El discurso de las razas, el cual llegado el siglo XIX ya ha adquirido todas sus bases
biológico-materialistas, se configura entonces como un productor de verdad por medio
del cual se justifica el ejercicio del poder bajo la idea de la guerra continuada por
distintos medios. Este discurso fundamenta entonces la existencia de diferencias
irreconciliables a partir de las cuales se establece un antagonismo que no se puede
resolver, y que llegado el caso llevará a la promulgación de una guerra abierta, del acto
mismo de la violencia, que a su vez llevará a su episodio final: el exterminio absoluto.
Por eso, una vez entrados en el siglo XX, la configuración de diferentes discursos
racistas como base discursiva de exterminio de pueblos enteros será un episodio
desgraciadamente repetitivo. El caso emblemático, y el cual tiene presente siempre
Foucault es el del nazismo, el cual llegó al extremo de plantearse la aniquilación total de
grupos étnicos minoritarios. Así pues, este esquema de la guerra continuada de las razas
tiene dos caras: una como esquema de análisis de la historia, y otra como discurso que
justifica en el campo de lo fáctico la guerra misma. Como afirma Foucault, este discurso
está involucrado en el proceso mismo de centralización del poder. Y este punto es
fundamental, porque al consolidarse este poder centralizado, son los poderes estatales
quienes estarán a cargo de la guerra, el tema del Estado que era necesariamente injusto
en la contrahistoria de las razas, va a transformarse en el tema inverso: el Estado no es
el instrumento de una raza contra otra, sino que es y debe ser el protector de la
integridad, la superioridad y la pureza de la raza. La idea de la pureza de la raza, con
todo lo que implica a la vez de monista, estatal y biológico, es lo que va a sustituir la
idea de la lucha de razas:

En líneas generales, creo que el racismo atiende la función de muerte en la


economía del biopoder, de acuerdo con el principio de que la muerte de los
otros significa el fortalecimiento biológico de uno mismo en tanto miembro de
una raza o una población, en tanto elemento en una pluralidad unitaria y
viviente.

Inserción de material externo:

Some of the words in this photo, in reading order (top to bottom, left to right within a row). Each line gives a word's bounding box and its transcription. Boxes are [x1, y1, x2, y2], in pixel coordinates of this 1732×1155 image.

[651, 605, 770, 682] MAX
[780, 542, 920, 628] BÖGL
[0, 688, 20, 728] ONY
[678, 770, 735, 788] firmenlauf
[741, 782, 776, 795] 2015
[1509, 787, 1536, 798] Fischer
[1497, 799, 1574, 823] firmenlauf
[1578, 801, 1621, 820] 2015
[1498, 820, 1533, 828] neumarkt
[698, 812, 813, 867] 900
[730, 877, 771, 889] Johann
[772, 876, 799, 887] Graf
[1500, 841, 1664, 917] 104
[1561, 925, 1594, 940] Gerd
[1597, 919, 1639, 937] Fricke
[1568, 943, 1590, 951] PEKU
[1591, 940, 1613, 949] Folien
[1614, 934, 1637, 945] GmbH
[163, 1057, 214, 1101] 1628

Podrán advertir que aquí estamos muy lejos de un racismo que sea,
tradicionalmente, desprecio u odio recíprocos de las razas. También estamos
muy lejos de un racismo que sea una especie de operación ideológica mediante
la cual los Estados o una clase tratan de desviar hacia un adversario mítico unas
hostilidades que, de lo contrario, se volverían contra [ellos] o socavarían el
cuerpo social. Creo que es algo mucho más profundo que una vieja tradición o
una nueva ideología; es otra cosa. La especificidad del racismo moderno, lo que
hace su especificidad, no está ligada a mentalidades e ideologías o a las
mentiras del poder. Está ligada a la técnica del poder, a la tecnología del poder.
Está ligada al hecho de que, lo más lejos posible de la guerra de razas y de esa
inteligibilidad de la historia, nos sitúa en un mecanismo que permite el ejercicio
del biopoder. Por lo tanto, el racismo está ligado al funcionamiento de un
Estado obligado a servirse de la raza, de la eliminación de las razas y de la
purificación de la raza, para ejercer su poder soberano. El funcionamiento, a
través del biopoder, del viejo poder soberano del derecho de muerte implica la
introducción y la activación del racismo. Y creo que éste se arraiga
efectivamente ahí (Foucault:1976,233-234).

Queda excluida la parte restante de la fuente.